This is particularly compelling because it suggests a middle path. We do not have to choose between classical physics-based control, which is often interpretable but limited, and pure data-driven learning, which can be flexible but opaque. Instead, we can build systems where:
- Physics provides foundational constraints and safety boundaries
- Machine learning optimizes performance within those boundaries
- The combination may become more trustworthy than either approach alone
Researchers who can merge explicit reasoning with data-driven methods may unlock a new generation of systems where autonomy is not just powerful but genuinely certifiable.
A Historical Precedent: When Autonomy Became Essential
Another detail from the panel discussion that stayed with me was the historical example of aircraft designed with relaxed or neutral static stability. These aircraft would not naturally return to straight and level flight if disturbed. The most famous example is the F-16 Fighting Falcon.
The YF-16 prototype was intentionally designed with relaxed static stability, which allowed it to respond more quickly and aggressively to control inputs. It was one of the first operational fighters designed around relaxed static stability and fly-by-wire control. That combination enabled the theoretical ideal for a fighter aircraft: a highly maneuverable airplane that could be unstable aerodynamically but controllable through a flight control system.

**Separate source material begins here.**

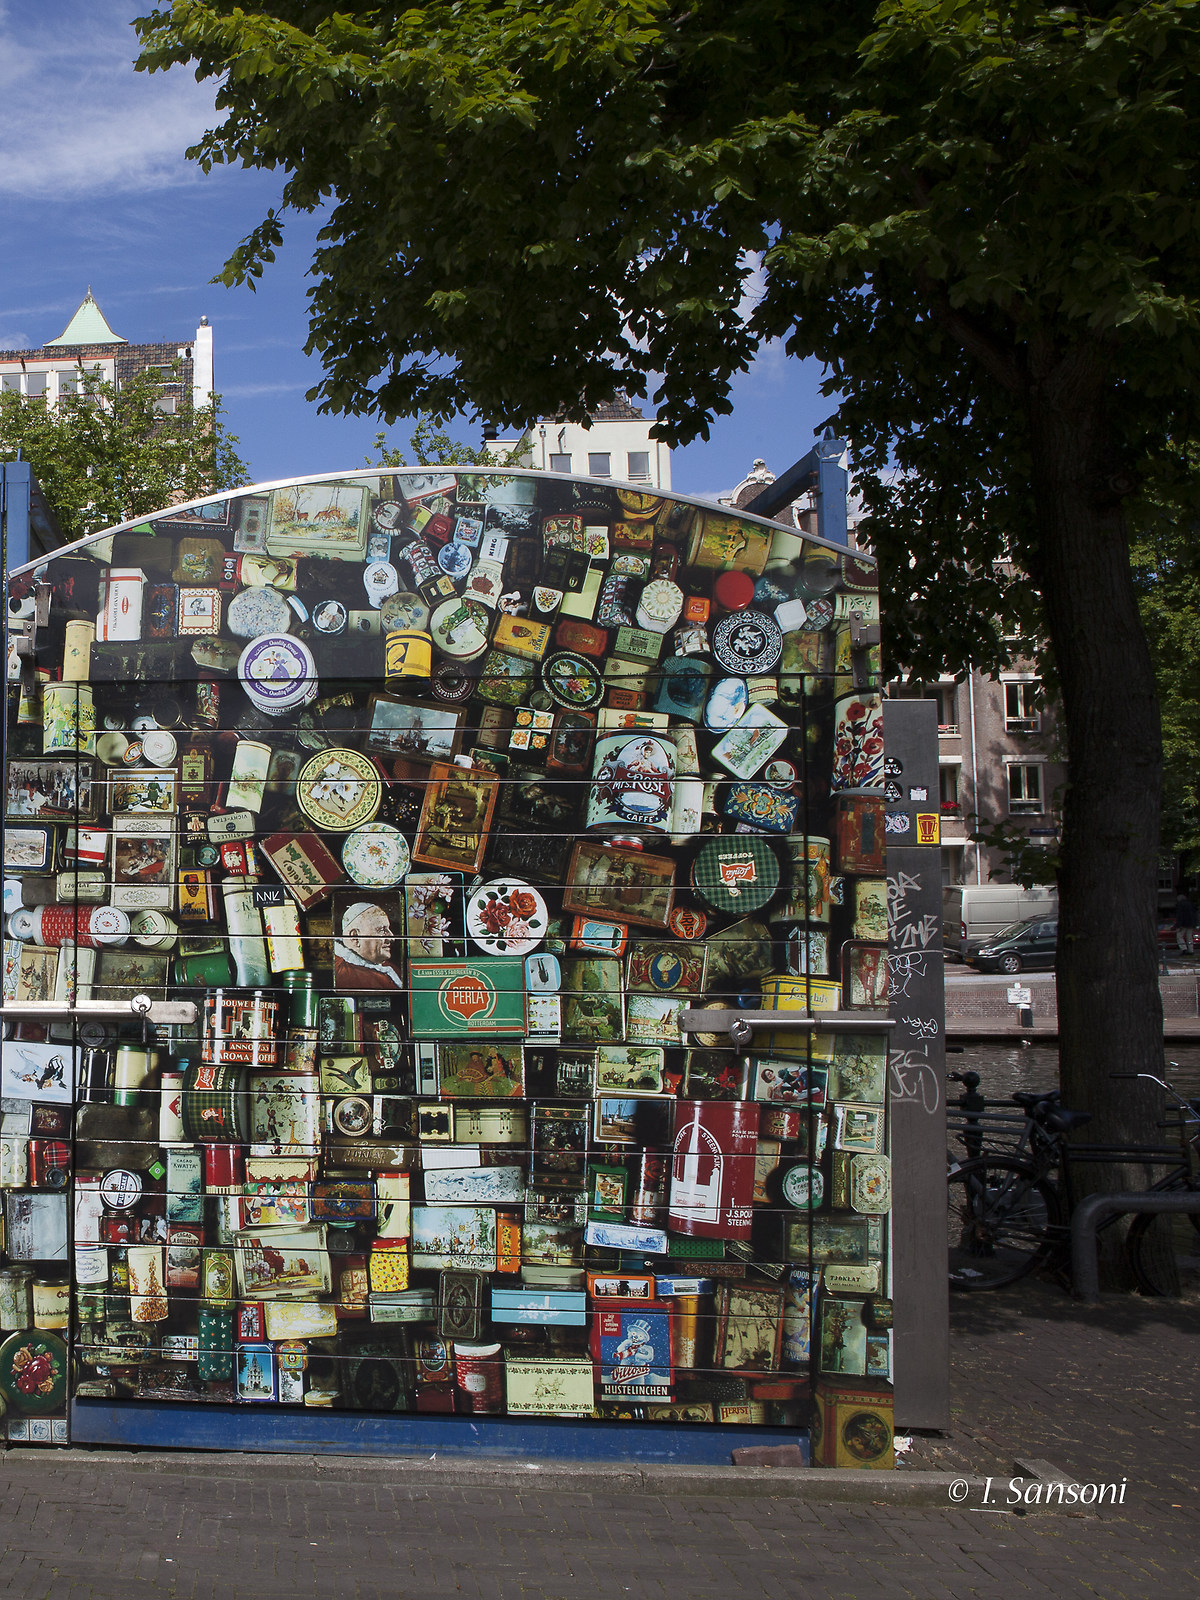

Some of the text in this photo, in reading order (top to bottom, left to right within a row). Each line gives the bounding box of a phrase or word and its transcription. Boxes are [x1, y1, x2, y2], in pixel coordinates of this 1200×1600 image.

The key point is that such a design would have been extremely difficult, if not impossible, for a human pilot to manage through mechanical controls alone. The aircraft relied on a fly-by-wire system to perform continuous stabilization while the pilot commanded the desired maneuver.

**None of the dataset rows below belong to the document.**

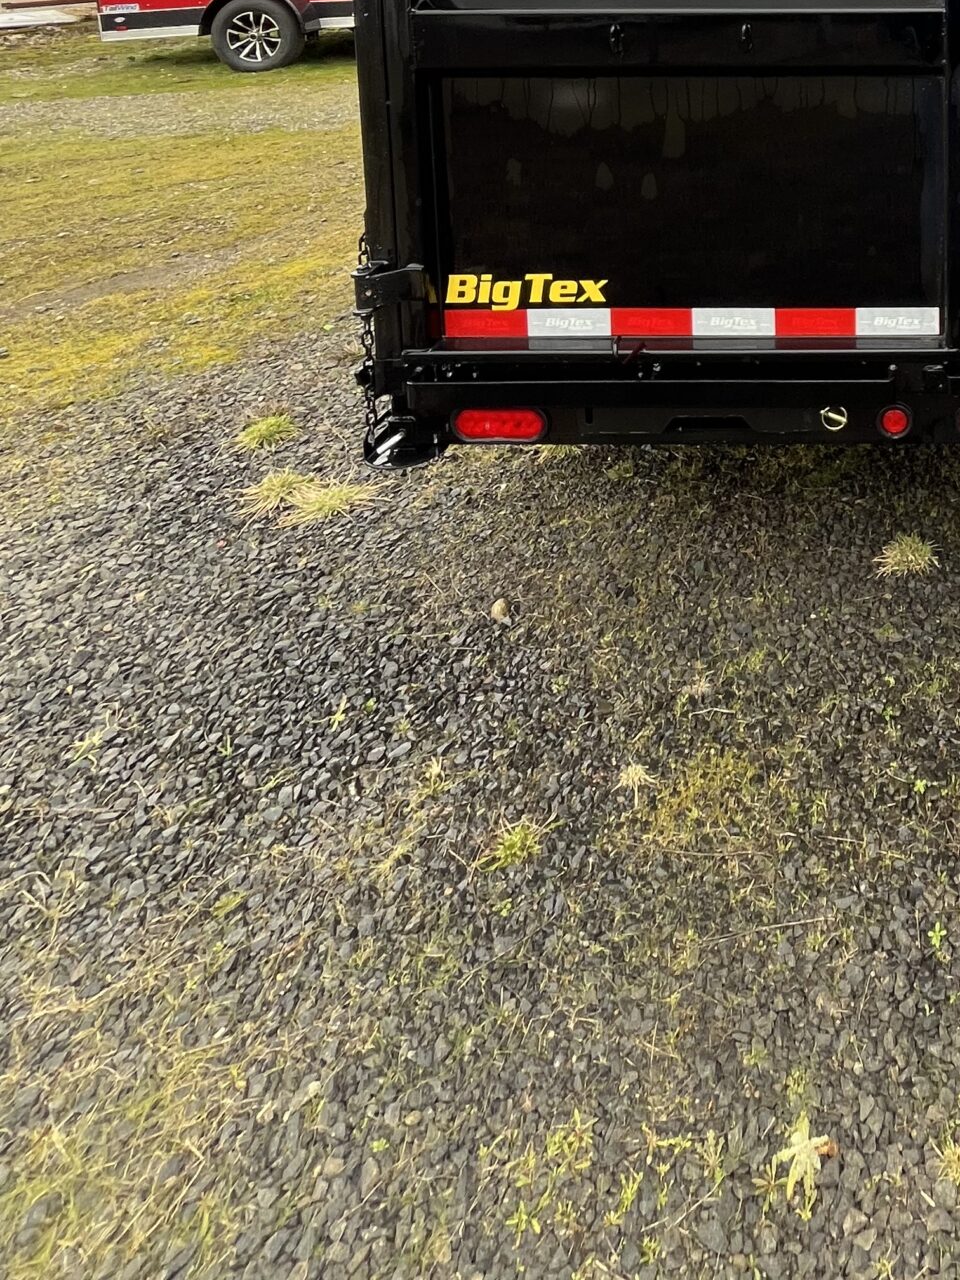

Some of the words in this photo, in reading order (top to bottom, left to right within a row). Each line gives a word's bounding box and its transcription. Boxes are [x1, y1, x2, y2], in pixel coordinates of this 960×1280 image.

[445, 273, 608, 311] BigTex
[545, 317, 593, 329] BigTex
[710, 317, 757, 328] BigTex
[874, 316, 921, 328] BigTex
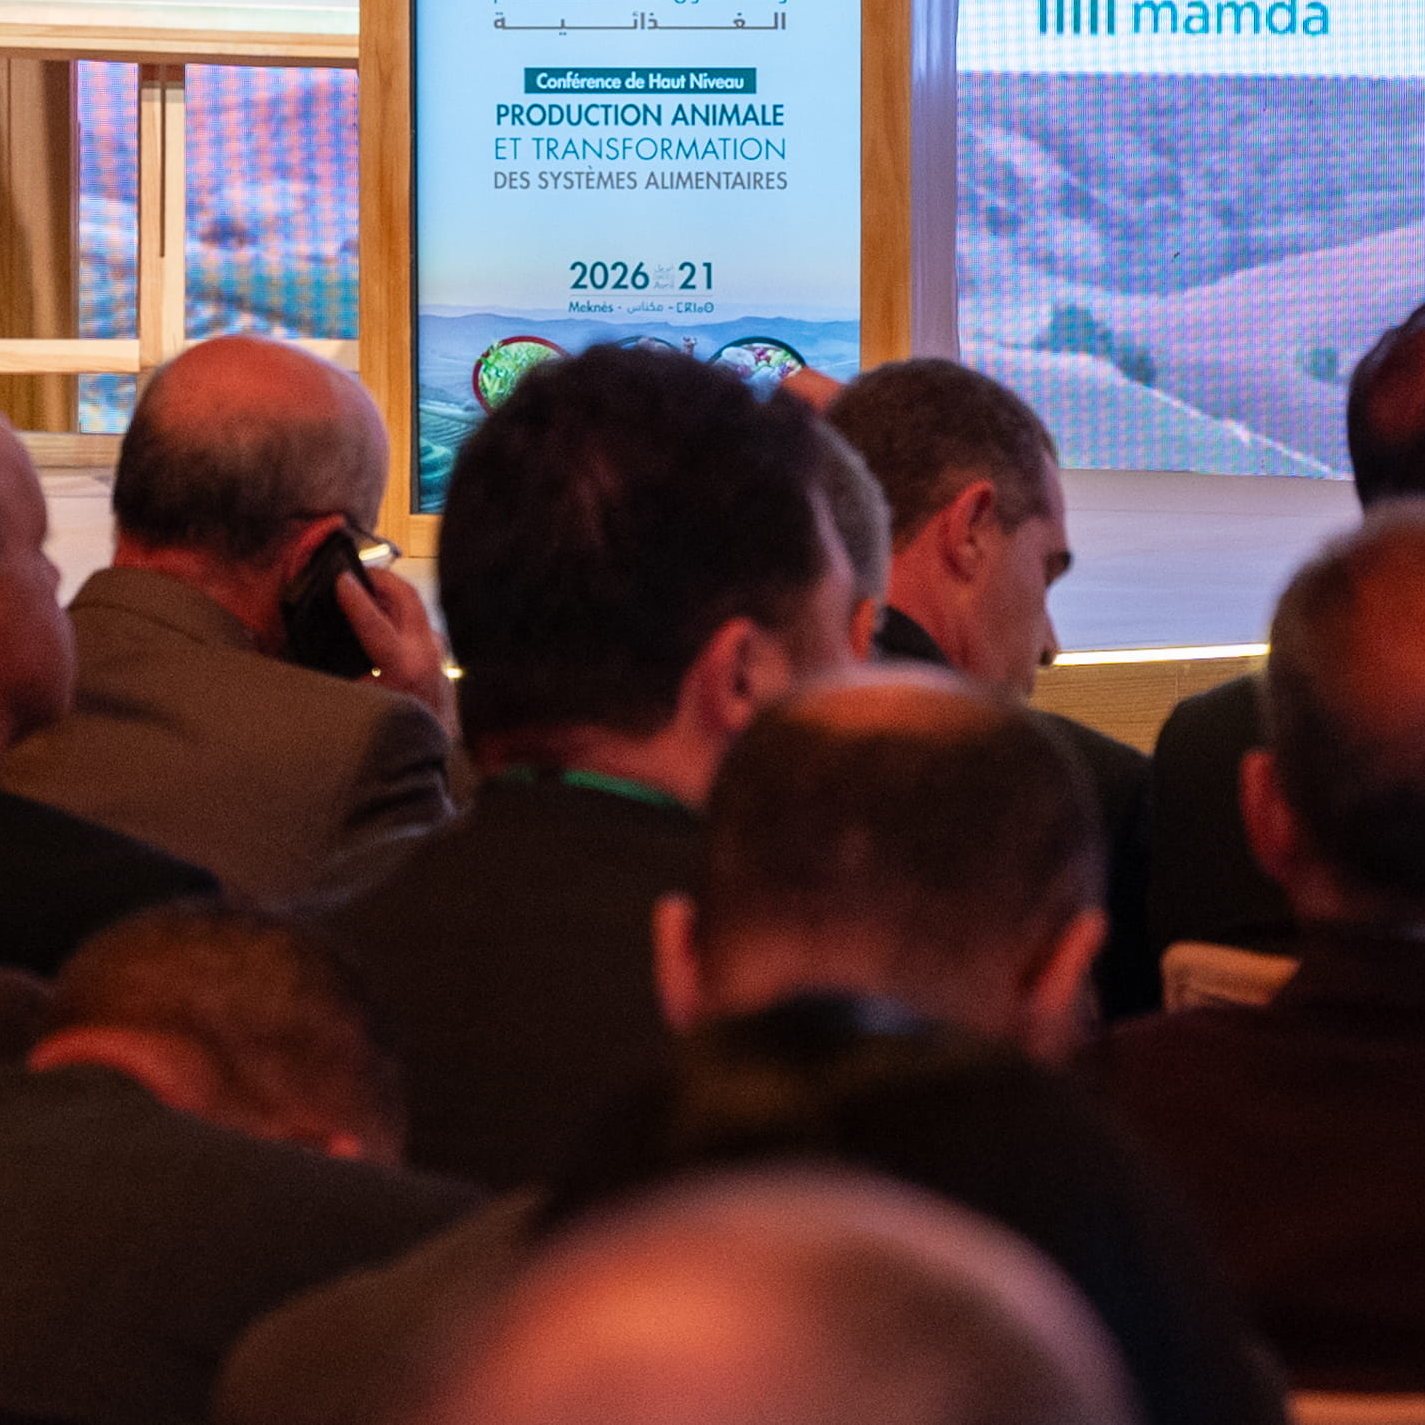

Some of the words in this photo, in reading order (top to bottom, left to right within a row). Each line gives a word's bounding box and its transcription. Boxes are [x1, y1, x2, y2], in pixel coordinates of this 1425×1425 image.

[536, 71, 621, 90] Conférence
[625, 71, 644, 89] de
[648, 73, 686, 89] Haut
[689, 73, 745, 90] Niveau
[496, 103, 663, 126] PRODUCTION
[671, 103, 785, 126] ANIMALE
[495, 137, 522, 160] ET
[532, 137, 786, 160] TRANSFORMATION
[494, 171, 531, 190] DES
[537, 165, 638, 190] SYSTÈMES
[645, 171, 788, 190] ALIMENTAIRES
[570, 261, 650, 290] 2026
[678, 261, 713, 290] 21
[568, 300, 614, 313] Meknès

During high-speed taxi testing, the YF-16 began to oscillate severely. Parts of the aircraft scraped the runway, throwing sparks, and General Dynamics test pilot Phil Oestricher decided the safest course of action was to take off rather than continue the test on the ground. The aircraft’s electronic flight control system was too sensitive to pilot input, and engineers later refined the system so it could better manage the high-frequency stabilization work automatically.
This is a powerful historical precedent. We built automated control systems not because we wanted them philosophically, but because human workload demands made them necessary. The F-16 showed that automation could free humans to do what they do best: strategic thinking, decision-making, and high-level control, while machines handled the fast, relentless corrections needed for continuous stabilization.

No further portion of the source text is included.